Input for this task: Begin

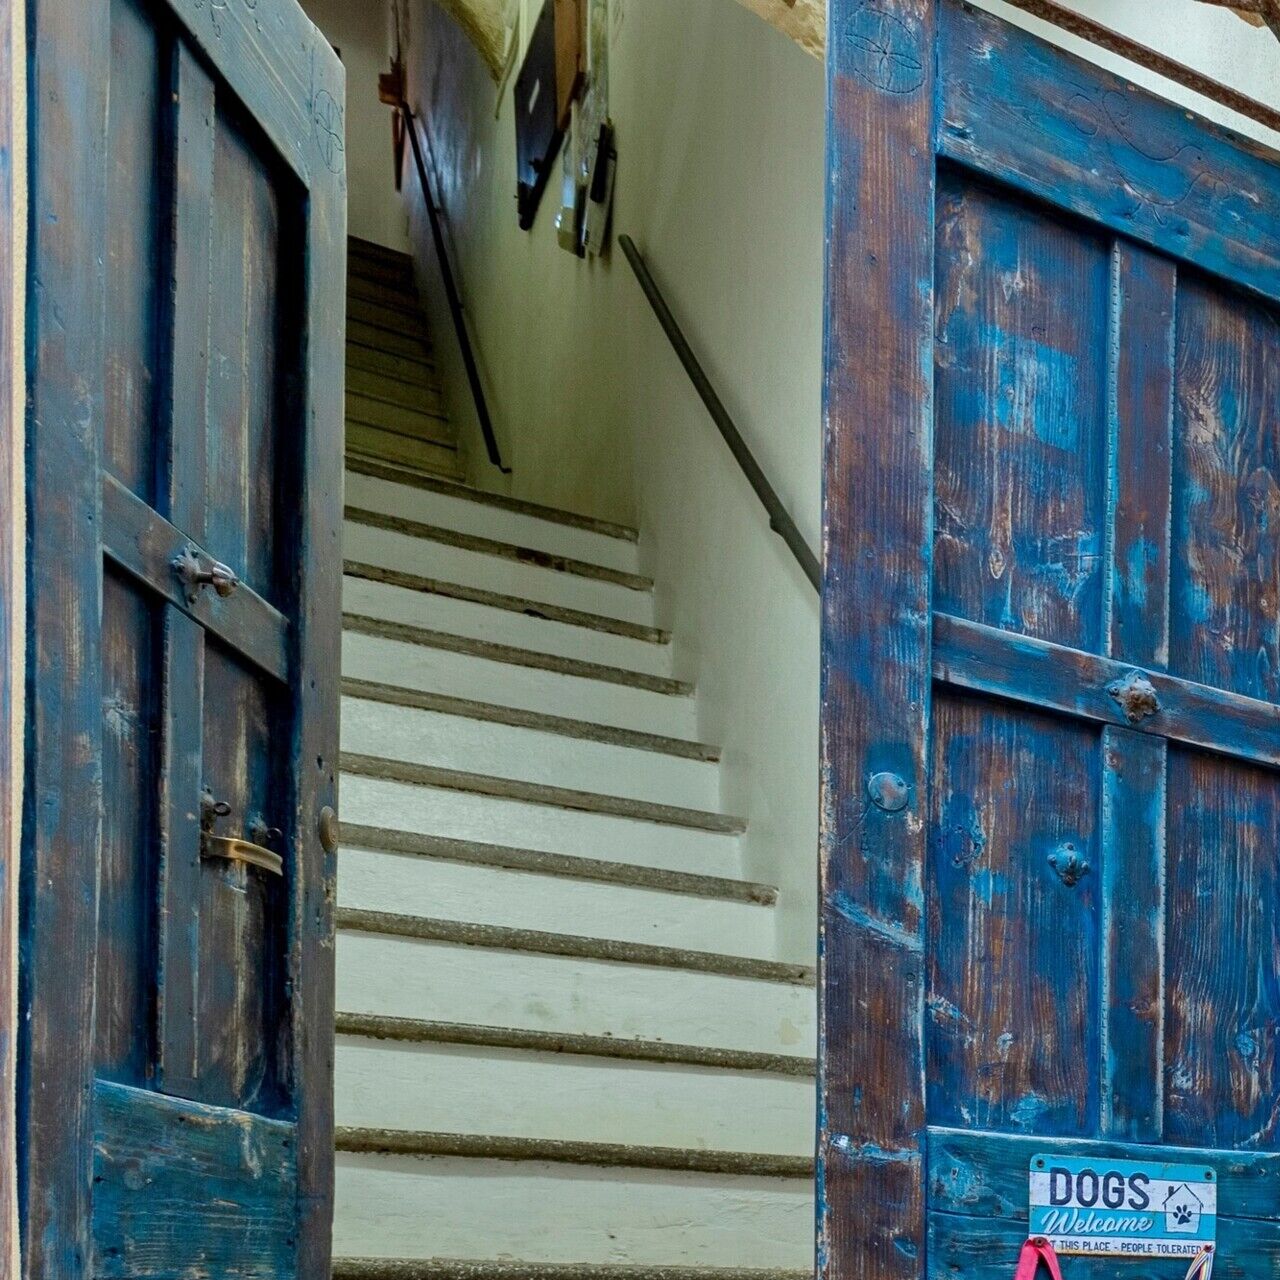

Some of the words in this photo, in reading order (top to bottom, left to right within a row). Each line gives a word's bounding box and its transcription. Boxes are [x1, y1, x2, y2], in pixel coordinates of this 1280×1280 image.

[1050, 1166, 1151, 1211] DOGS
[1040, 1208, 1154, 1234] Welcome
[1060, 1240, 1080, 1251] THIS
[1083, 1241, 1111, 1252] PLACE
[1120, 1242, 1153, 1254] PEOPLE
[1156, 1243, 1203, 1256] TOLERATED
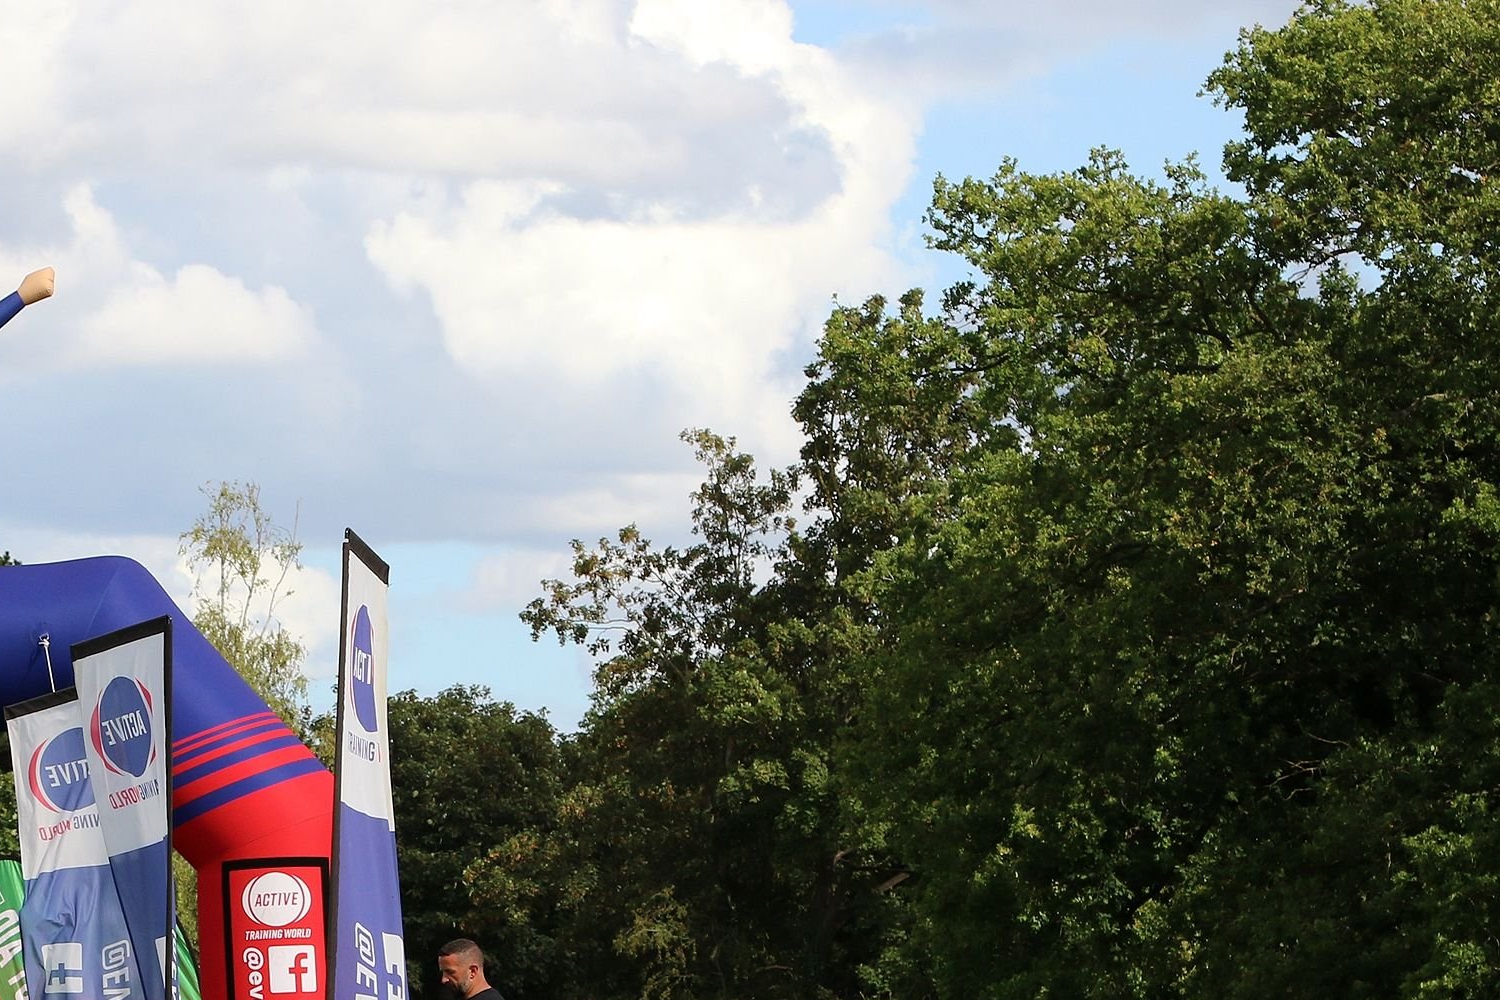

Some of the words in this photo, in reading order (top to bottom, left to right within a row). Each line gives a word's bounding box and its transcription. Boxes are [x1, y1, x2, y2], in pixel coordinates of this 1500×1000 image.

Input for this task: End

**What is required**. All entries should be restated word for word; no images belong in the copy.

**Answer space**.
Some of the words in this photo, in reading order (top to bottom, left to right within a row). Each line gives a word's bounding box and its transcription. Boxes are [x1, y1, x2, y2], in pixel coordinates of this 1280×1280 image.

[1050, 1166, 1151, 1211] DOGS
[1040, 1208, 1154, 1234] Welcome
[1060, 1240, 1080, 1251] THIS
[1083, 1241, 1111, 1252] PLACE
[1120, 1242, 1153, 1254] PEOPLE
[1156, 1243, 1203, 1256] TOLERATED

Some of the words in this photo, in reading order (top to bottom, left to right within a row). Each line gives a word's bounding box and its transcription. Boxes are [x1, y1, x2, y2], in pixel coordinates of this 1500×1000 image.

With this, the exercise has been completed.